Can anyone explain whats going on in this code segment right here?
r0 = row & 0x01;
r1 = (row>>1) & 0x01;
r2 = (row>>2) & 0x01;
The "AND ONE" operation ( & 0x01 ) is isolating the least significant bit from all the other bits in the variable. So the variable r0 becomes the least significant bit of the variable row.
By shifting the variable row one place to the left (moving all the bits to the left) the variable r1 becomes the same as the second least significant bit of the variable row.
Guess what r2 is.
So this takes a number and splits it up into the bits you need to send out to the different pins / channel select input of the multiplexer.
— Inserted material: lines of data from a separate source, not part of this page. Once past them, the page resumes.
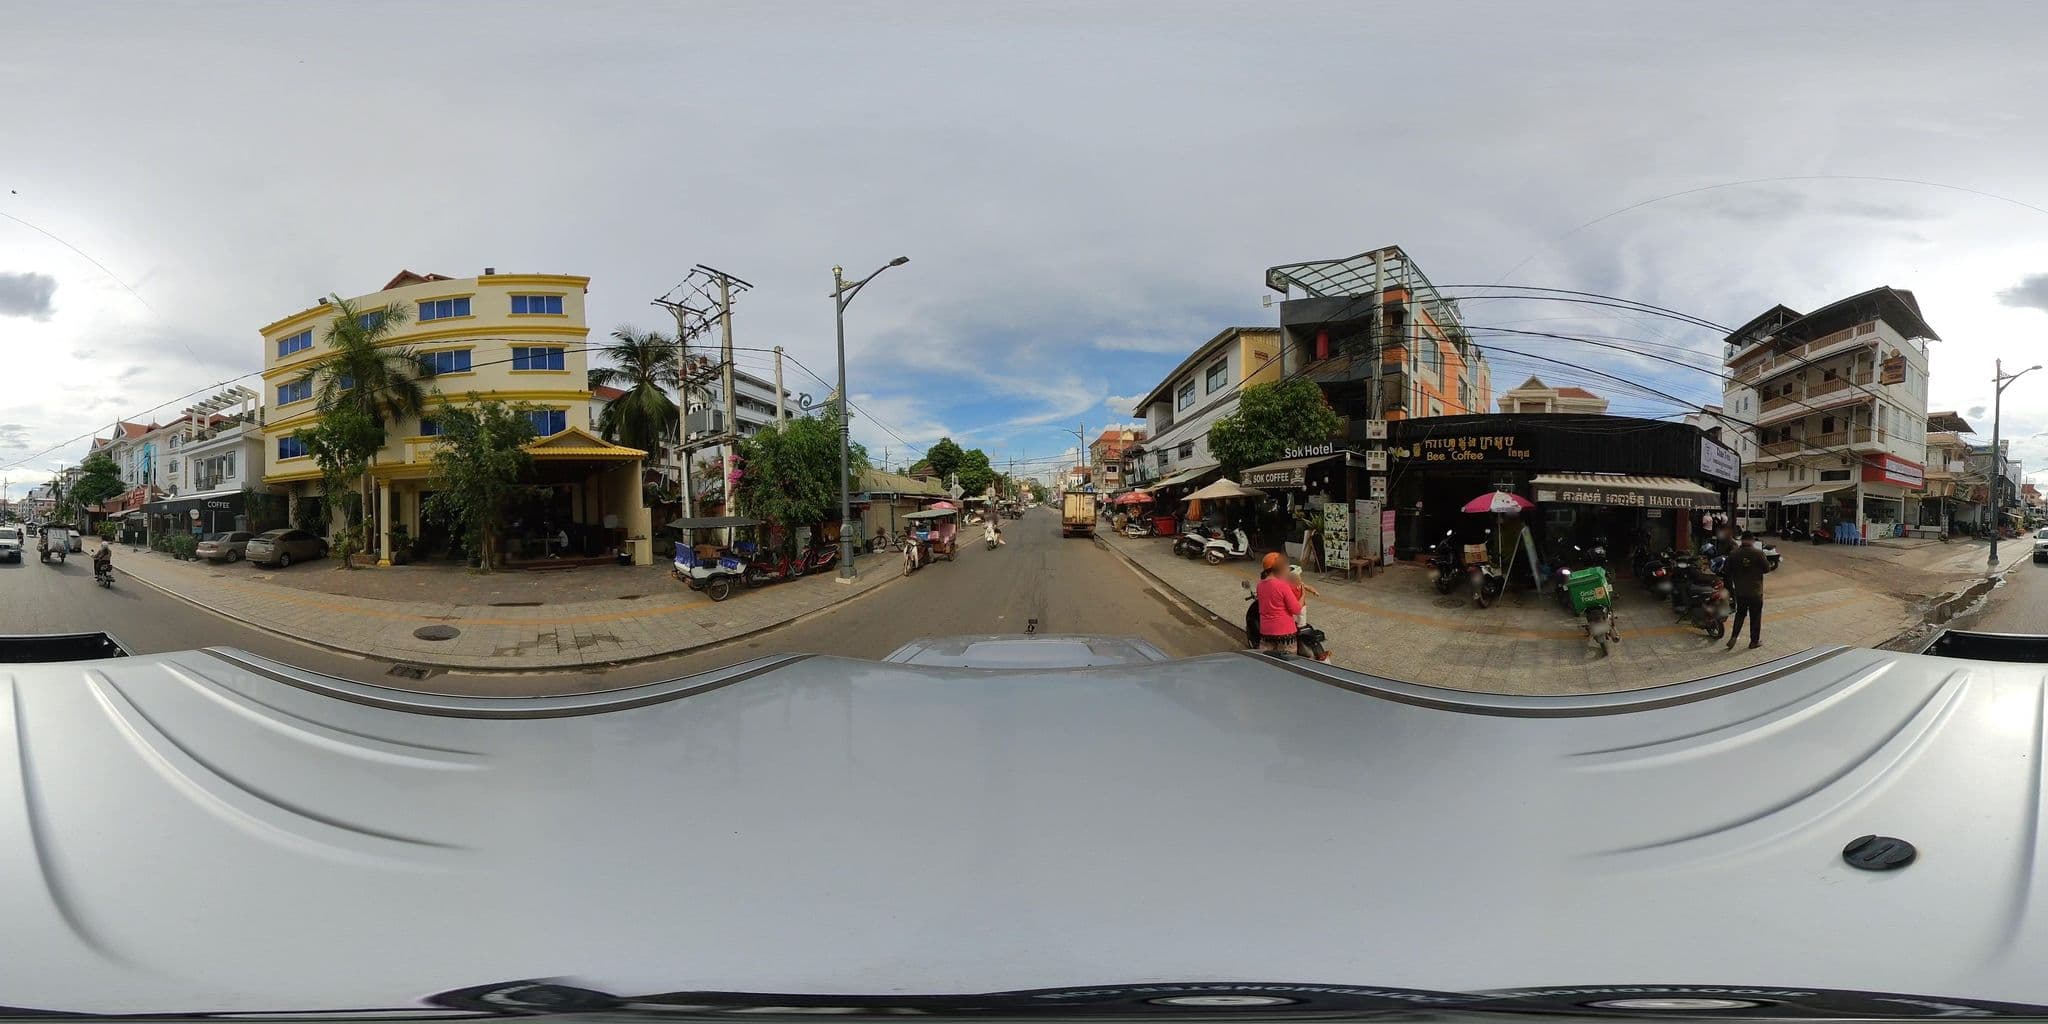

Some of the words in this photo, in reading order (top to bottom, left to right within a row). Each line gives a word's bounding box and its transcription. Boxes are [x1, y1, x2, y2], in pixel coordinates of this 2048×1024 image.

[1285, 447, 1303, 458] Sok
[1305, 442, 1333, 456] Hotel
[1427, 452, 1446, 461] Bee
[1451, 450, 1484, 461] Coffee
[1253, 474, 1264, 483] SOK
[1265, 472, 1288, 482] COFFEE
[207, 501, 230, 509] COFFEE
[1649, 495, 1673, 506] HAIR
[1675, 497, 1693, 507] CUT
I would try connecting one of the LDRs to say Analogue in 4 and see if you are seeing a direct reading.
If you are then it's down to the wiring not being what you think it is or a faulty multiplexer.
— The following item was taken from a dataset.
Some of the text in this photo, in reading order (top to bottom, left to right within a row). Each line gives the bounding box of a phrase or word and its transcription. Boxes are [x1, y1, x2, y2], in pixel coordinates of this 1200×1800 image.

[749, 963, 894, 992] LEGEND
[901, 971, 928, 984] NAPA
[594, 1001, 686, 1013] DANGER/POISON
Well I may be mistaken but this
int bin [] = { 000, 1, 10, 11, 100, 101, 110, 111}
is decimal not binary so when you do this
r0 = row & 0x01;
r1 = (row>>1) & 0x01;
r2 = (row>>2) & 0x01;
you don't get what you want.
You'd better put this
int bin [] = { 0, 1, 2, 3, 4, 5, 6, 7}
But in fact you can directly use your loop index
r0 = count & 0x01;
r1 = (count >>1) & 0x01;
r2 = (count >>2) & 0x01;
Yes you are quite right, but, at the moment he is just looking at input channel zero so that would be the same in decimal or binary. Or in fact any other number base.